I terremoti in Puglia
La mappa di fig.10 tratta dal lavoro del Prof. V. Del Gaudio “Pericolosità sismica e memoria storica dei terremoti in Puglia” pubblicato sul Supplemento alla Rivista di Geologia dell’Ambiente 1/2018 “Rischio sismico in Italia: analisi e prospettive per una prevenzione efficace in un Paese fragile” riporta gli epicentri dei terremoti che in passato hanno avuto effetti valutabili fino al VII-VIII grado della scala Mercalli (Distruttiva – lesione agli edifici con parziali crolli e isolate vittime) nella zona epicentrale e si concentrano sul settore nord ed ovest della murgia e nell’area del tarantino lungo la scarpata murgiana.

In Puglia, eventi che hanno prodotto un numero di vittime nell’ordine delle centinaia o delle migliaia si sono verificati in più occasioni, ma, a parte un caso isolato (Ascoli Satriano, 1361), tutte concentrate in un arco di circa 120 anni dal 1627 al 1743 con valori di magnitudo calcolata che nel caso dell’evento del 30 luglio 1627 ha raggiunto la magnitudo momento di 6.7 (Mw).
Quasi tutti i maggiori terremoti hanno interessato il nord della regione, ma l’ultimo evento di questa serie ha colpito il Salento, pur essendo la sorgente localizzata al largo delle sue coste, con un pesante bilancio di vittime prodotto da fenomeni di amplificazione locale degli scuotimenti, legati alla particolare geologia di questo territorio.
L’attività sismica e la morfologia del territorio della Puglia centrale, compresa tra la Valle dell’ Ofanto e la parte meridionale delle Murge, sono condizionate dalla geodinamica del Mediterraneo centrale.
Senza addentrarsi in spiegazioni approfondite attinenti la geologia, geodinamica, in maniera molto sintetica si può indicare come causa dei terremoti il movimento dell’ Appennino lentamente tende a muoversi verso est, mentre la placca adriatica, corrispondente grossomodo all’intero mare Adriatico e alla pianura padana, tende lungo il suo settore occidentale, cioè lungo le regioni adriatiche italiane a immergersi (subduzione) sotto l’appennino.
Nello specifico sulla Puglia centrale la placca adriatica non riesce ad immergersi ma la spinta ed il peso delle formazioni geologiche appenniniche ha indotto la deformazione delle rocce calcaree della Puglia centrale inarcandola verso l’alto (vedi fig.9).
Questo ha portato alla formazione della Murgia, la quale è costituita da rocce rigide ma fragili che inarcandosi verso l’alto ha creato delle fratture (faglie) che hanno conferito l’attuale aspetto a “gradoni” della Murgia.

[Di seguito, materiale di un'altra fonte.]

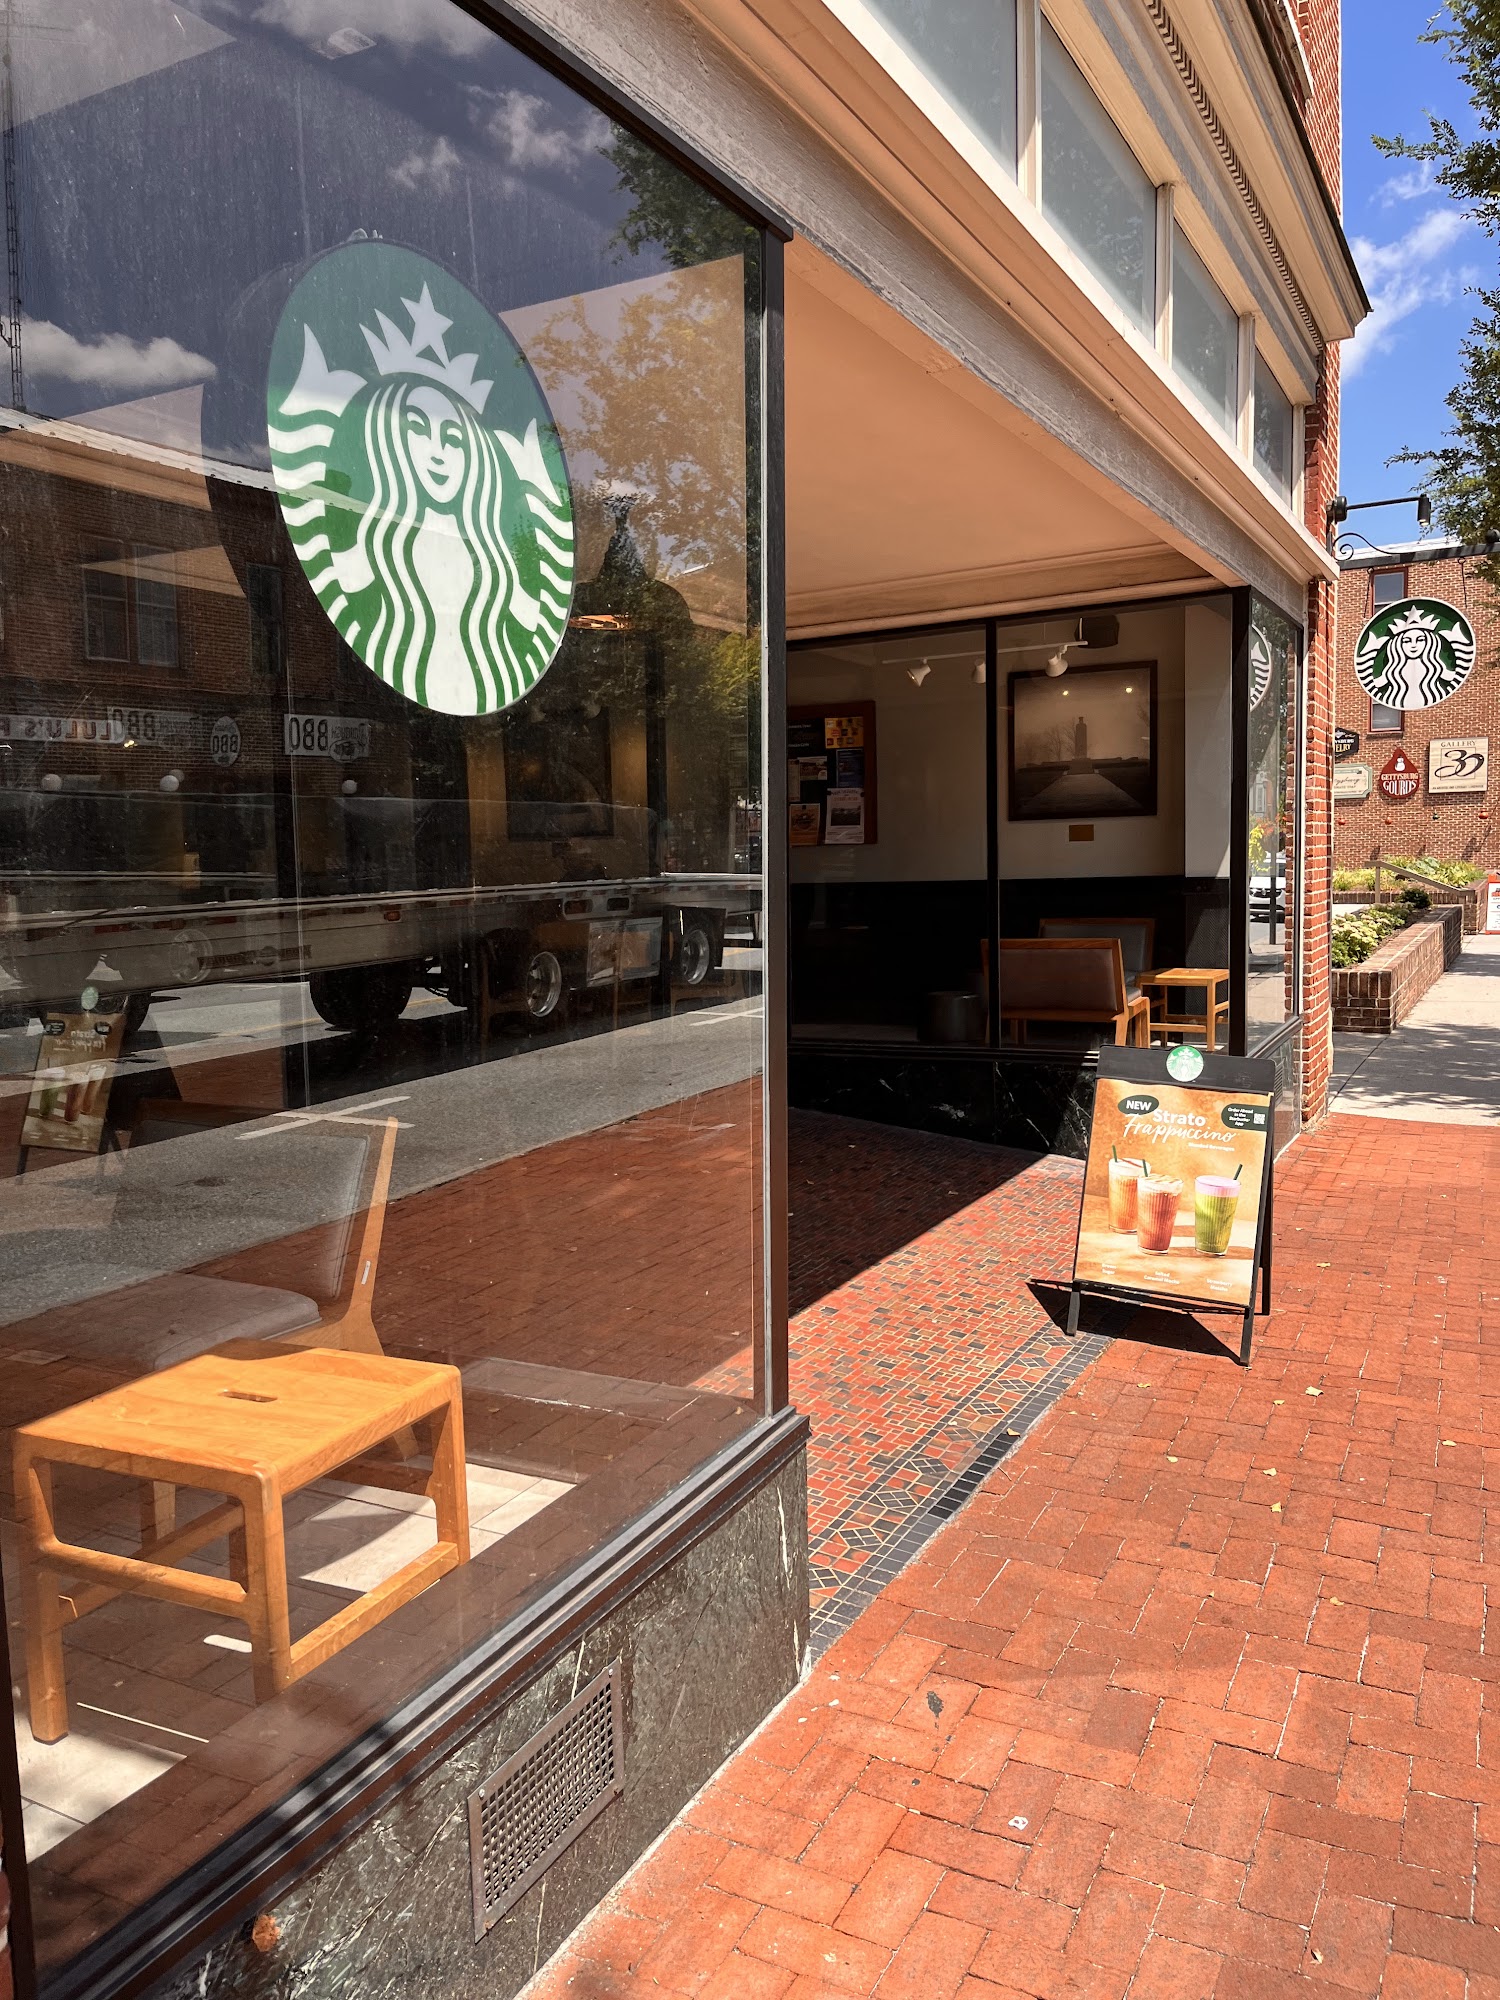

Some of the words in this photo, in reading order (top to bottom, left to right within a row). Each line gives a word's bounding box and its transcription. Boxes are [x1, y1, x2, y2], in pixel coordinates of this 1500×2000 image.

Alcune scarpate in prossimità dei limiti di questi gradoni, presenti su tutti i lati dell’altopiano murgiano, sono definite scarpate di faglia ed in passato possono essere state sismogenetiche.
Anche la scarpata sul settore adriatico ben sviluppata ed evidente nell’entroterra tra Monopoli e Ostuni è interpretata come molto probabile scarpata di faglia. (fig.2, fig. 4).
Conclusioni
In conclusione l’attività sismica nel territorio di Monopoli rientra in una “normale” attività sismica del territorio della Murgia centrale, cosi come mostrato dalle osservazioni strumentali dell’ultimo secolo e dalle fonti di archivio finora consultate ed utilizzate per lo studio della sismicità pugliese degli ultimi 600-700 anni.
Dott. Francesco MONTANARO
Nato a Monopoli il 29 giugno 1972
Laureato in Scienze Geologiche presso Università degli Studi di BARI nell’anno 1998.
Ufficiale del Servizio Meteorologico dell’Aeronautica Militare dall’anno 2000.